Persons who respond to the collection of information contained in this form are not required to respond unless the form displays a currently valid OMB Number.

FAQ

What insider activity did Equinix (EQIX) report in this Form 4?

The Form 4 shows that Chief People Officer Brandi Galvin Morandi had several restricted stock unit (RSU) tranches vest on January 15, 2026, converting into common stock, and then sold portions of her Equinix common stock the next day under a Rule 10b5-1 trading plan related to tax withholding.

How many Equinix (EQIX) shares did the officer sell and at what prices?

On January 16, 2026, the officer sold multiple blocks of Equinix common stock totaling 1,333 shares.
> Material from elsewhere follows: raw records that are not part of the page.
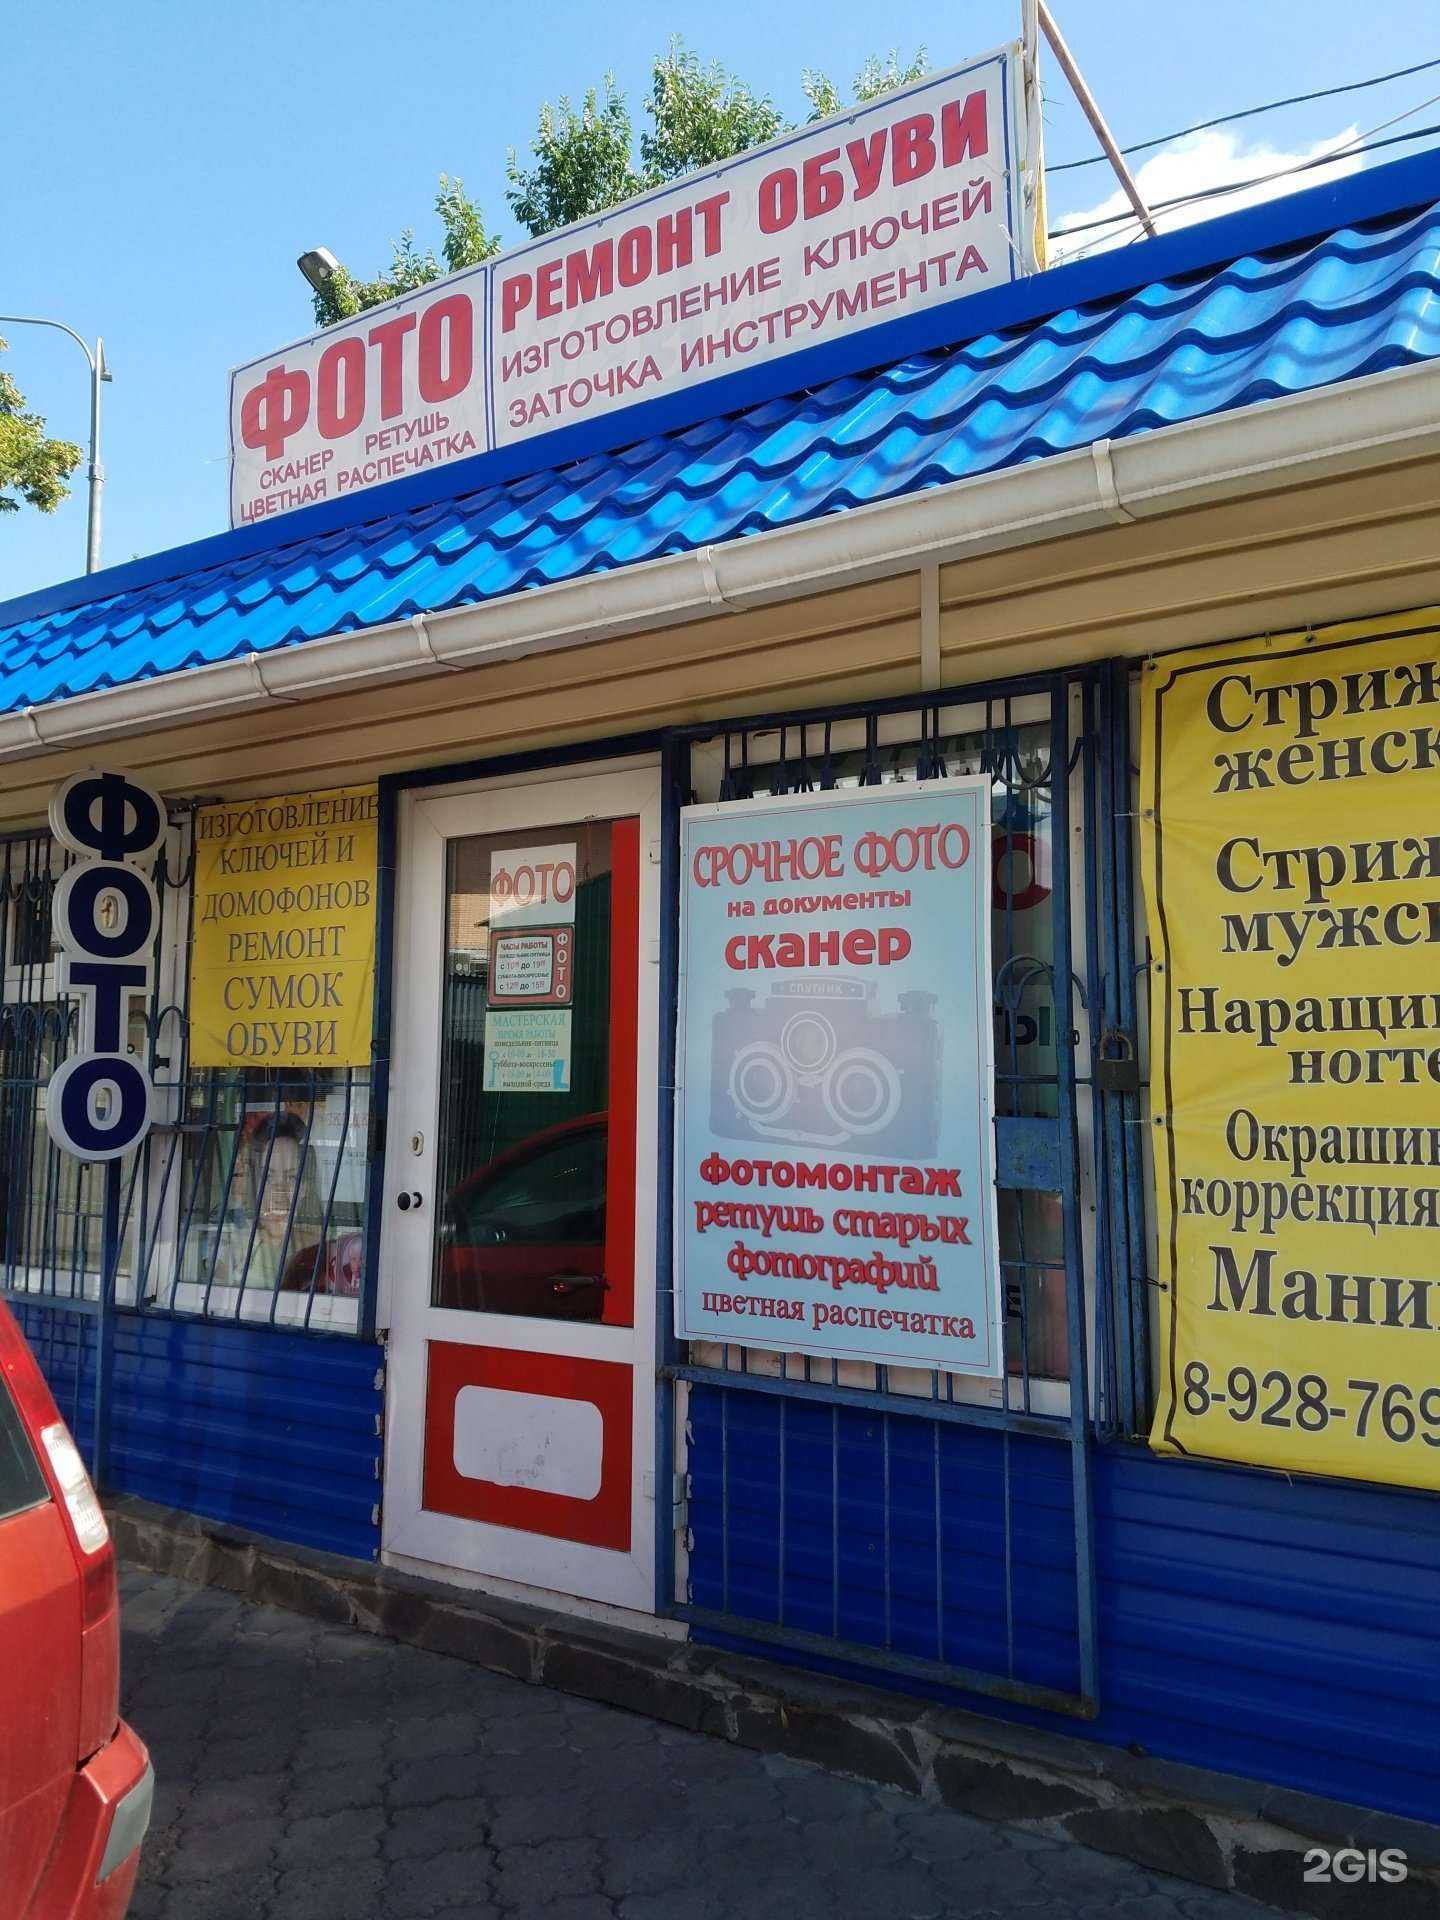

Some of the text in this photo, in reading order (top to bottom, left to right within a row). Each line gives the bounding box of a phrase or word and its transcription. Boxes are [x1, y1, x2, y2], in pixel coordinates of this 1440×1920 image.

[502, 89, 989, 333] РЕМОНТ ОБУВИ
[502, 176, 992, 382] ИЗГОТОВЛЕНИЕ КЛЮЧЕЙ
[509, 245, 989, 428] ЗАТОЧКА ИНСТРУМЕНТА
[241, 293, 473, 463] ФОТО
[240, 430, 477, 523] ЦВЕТНАЯ РАСПЕЧАТКА
[260, 411, 450, 490] СКАНЕР РЕТУШЬ
[1213, 726, 1440, 793] женск
[199, 795, 379, 839] ИЗГОТОВЛЕНИЕ
[220, 831, 355, 875] КЛЮЧЕЙ И
[693, 822, 971, 888] СРОЧНОЕ ФОТО
[202, 879, 370, 925] ДОМОФОНОВ
[492, 861, 575, 907] ФОТО
[727, 889, 912, 918] на документы
[60, 772, 161, 1152] ФОТО
[227, 925, 346, 962] РЕМОНТ
[556, 932, 569, 998] ФОТО
[725, 927, 911, 971] сканер
[224, 971, 343, 1010] СУМОК
[1178, 987, 1440, 1046] Наращи
[227, 1020, 339, 1056] ОБУВИ
[493, 1013, 565, 1028] МАСТЕРСКАЯ
[700, 1152, 963, 1197] фотомонтаж
[695, 1201, 972, 1248] ретушь старых
[1181, 1178, 1440, 1236] коррекция
[727, 1241, 941, 1293] фотографий
[1207, 1246, 1440, 1330] Мани
[702, 1291, 977, 1339] цветная распечатка
[1183, 1361, 1440, 1447] 8-928-769
The weighted average prices for these trades ranged from $797.61 to about $807.22 per share, with detailed price ranges disclosed in the footnotes.

Why were Equinix (EQIX) shares sold according to the Form 4 footnotes?

The footnotes state that the shares were sold pursuant to a Rule 10b5-1 trading plan in order to raise funds to pay required withholding tax arising from the vesting of RSUs, indicating the sales were primarily for tax obligations related to equity compensation.

How many Equinix (EQIX) shares does the reporting person own after these transactions?

After the RSU conversions and subsequent sales, the Form 4 reports that the officer directly owned 9,551.213 shares of Equinix common stock.

What RSU vesting activity for Equinix (EQIX) was disclosed in this filing?

On January 15, 2026, three RSU awards converted into common stock: 1,117, 766 and 724 units at an exercise price of $0. Footnotes explain that these RSUs vest in 33.33% annual installments on specified January 15 dates, contingent on continued service.

Does the Equinix (EQIX) Form 4 describe any conditions on the RSU awards?

Yes. The footnotes state that vesting depends on continuous active service as an employee, consultant or director of Equinix or its subsidiaries. Each RSU award vests in three annual 33.33% tranches, and the RSU awards expire upon the reporting person’s termination of service.